3.3 Zen, Introspection, and Realism
A significant motivator of Orientalism during the New Wave was Asian spirituality. Zen in particular and Buddhism in general became popular in the West. Certainly religion influenced tanka in Japan, and religion of any sort is a legitimate topic for tanka, but during the New Wave, a subset of tanka were appreciated not so much for being poetry, but for being homilies from or homages to Eastern spirituality.
Classical tanka were influenced by Zen and Buddhism, sometimes in overt ways, but usually less so. The Zen master was supposed to be detached from the suffering of the world, but ironically, that very detachment led to an awareness of the transience of the world, which inspired feelings of pathos, which in turn became highly subjective tanka in which the feelings of the poet were the focus of the poem. This self-referential irony is depicted in the Buddhist monk Saigyo’s (1118–1190 AD) tanka,
free of passion as myself
snipe rising from a marsh
at evening in autumn
The transience of the world, represented by the Japanese term aware, the pity of things that pass away, is an integral part of Japanese aesthetics as incorporated into Anglophone tanka. Although yugen (mystery and depth) and ma (negative space) have been championed by Robert Wilson and Denis M. Garrison respectively as essential to understanding Japanese tanka, it is aware, along with miyabi, that has had the most influence on tanka written in English. The two go hand in hand to form a genteel nostalgia that addresses everything from a broken heart to wrestling with cancer. The refined approach dignifies subjects that might otherwise appear banal or trivial, and allows poets and readers to experience the value of ordinary things. At its best, it leads to personal epiphany . . .
I am not
as I walk in & out
A. A. Marcoff 34
On the wide desert,
Before the silent wind,
My body sank
Fumiko Ogawa 35
. . . but at its worst, self-indulgent navel-gazing.
The hunger for significance marks many tanka poets. Most of them are ordinary people leading ordinary lives. They feel something is missing and they fill it with themselves. This is both bad and good. Good, when it teaches them to value themselves and what they find around them, but bad when it entraps them in a literary solipsism in which nothing outside the self and its sensations are of interest.
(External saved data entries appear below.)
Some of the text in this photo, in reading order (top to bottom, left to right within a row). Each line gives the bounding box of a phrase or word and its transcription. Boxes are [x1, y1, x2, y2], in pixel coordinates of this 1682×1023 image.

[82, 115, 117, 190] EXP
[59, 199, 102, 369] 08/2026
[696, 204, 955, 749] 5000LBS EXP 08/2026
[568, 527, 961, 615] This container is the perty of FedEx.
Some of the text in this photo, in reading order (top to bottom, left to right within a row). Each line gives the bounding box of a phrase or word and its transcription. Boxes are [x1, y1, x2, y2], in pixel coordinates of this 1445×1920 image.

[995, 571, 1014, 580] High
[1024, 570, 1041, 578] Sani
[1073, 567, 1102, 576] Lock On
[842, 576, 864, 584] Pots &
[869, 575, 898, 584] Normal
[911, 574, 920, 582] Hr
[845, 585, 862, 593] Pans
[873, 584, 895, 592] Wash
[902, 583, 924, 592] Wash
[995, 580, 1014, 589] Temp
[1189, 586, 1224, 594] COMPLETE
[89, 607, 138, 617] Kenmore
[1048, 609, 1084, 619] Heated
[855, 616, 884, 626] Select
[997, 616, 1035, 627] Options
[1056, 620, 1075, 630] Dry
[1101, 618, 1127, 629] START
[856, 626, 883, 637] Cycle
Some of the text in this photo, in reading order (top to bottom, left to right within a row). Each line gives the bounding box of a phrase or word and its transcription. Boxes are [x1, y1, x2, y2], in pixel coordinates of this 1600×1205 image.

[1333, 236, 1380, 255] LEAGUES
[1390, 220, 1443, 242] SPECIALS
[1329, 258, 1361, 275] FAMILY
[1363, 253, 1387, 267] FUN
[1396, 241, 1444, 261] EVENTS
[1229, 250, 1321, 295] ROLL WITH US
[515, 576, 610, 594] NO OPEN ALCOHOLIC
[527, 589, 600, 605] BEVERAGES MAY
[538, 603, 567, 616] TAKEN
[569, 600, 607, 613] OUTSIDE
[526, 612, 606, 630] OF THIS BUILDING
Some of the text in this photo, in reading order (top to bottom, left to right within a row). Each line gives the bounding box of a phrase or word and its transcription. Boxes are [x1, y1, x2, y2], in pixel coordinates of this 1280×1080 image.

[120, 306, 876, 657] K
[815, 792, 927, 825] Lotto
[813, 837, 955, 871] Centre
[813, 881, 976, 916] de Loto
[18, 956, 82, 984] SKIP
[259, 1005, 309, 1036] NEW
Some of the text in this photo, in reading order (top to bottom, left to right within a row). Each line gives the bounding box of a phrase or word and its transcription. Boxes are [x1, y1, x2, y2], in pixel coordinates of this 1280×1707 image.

As long as tanka poets devote themselves to capturing “the moment,” they miss out on bigger topics and the growth that comes from grappling with things larger than the self.
Then again, is tanka really an adequate tool for dealing with large scale subject matter? Can it cope, for example, with a world war?
where Hitler danced
his little jig
a mime and a monkey
on the spot where he stood
Michael McClintock 36
Today at Pearl Harbor,
From the shore line,
At highest tide,
A gossamer mist,
With the deepest stillness.
Hagino Matsuoka 37
Yes. The reason that so few exist is not because tanka is inadequate, but because poets are. Tanka’s art of implication enables the poet to incorporate far more into the poem than is written on the page—but the poet has to believe it is possible before he will even try.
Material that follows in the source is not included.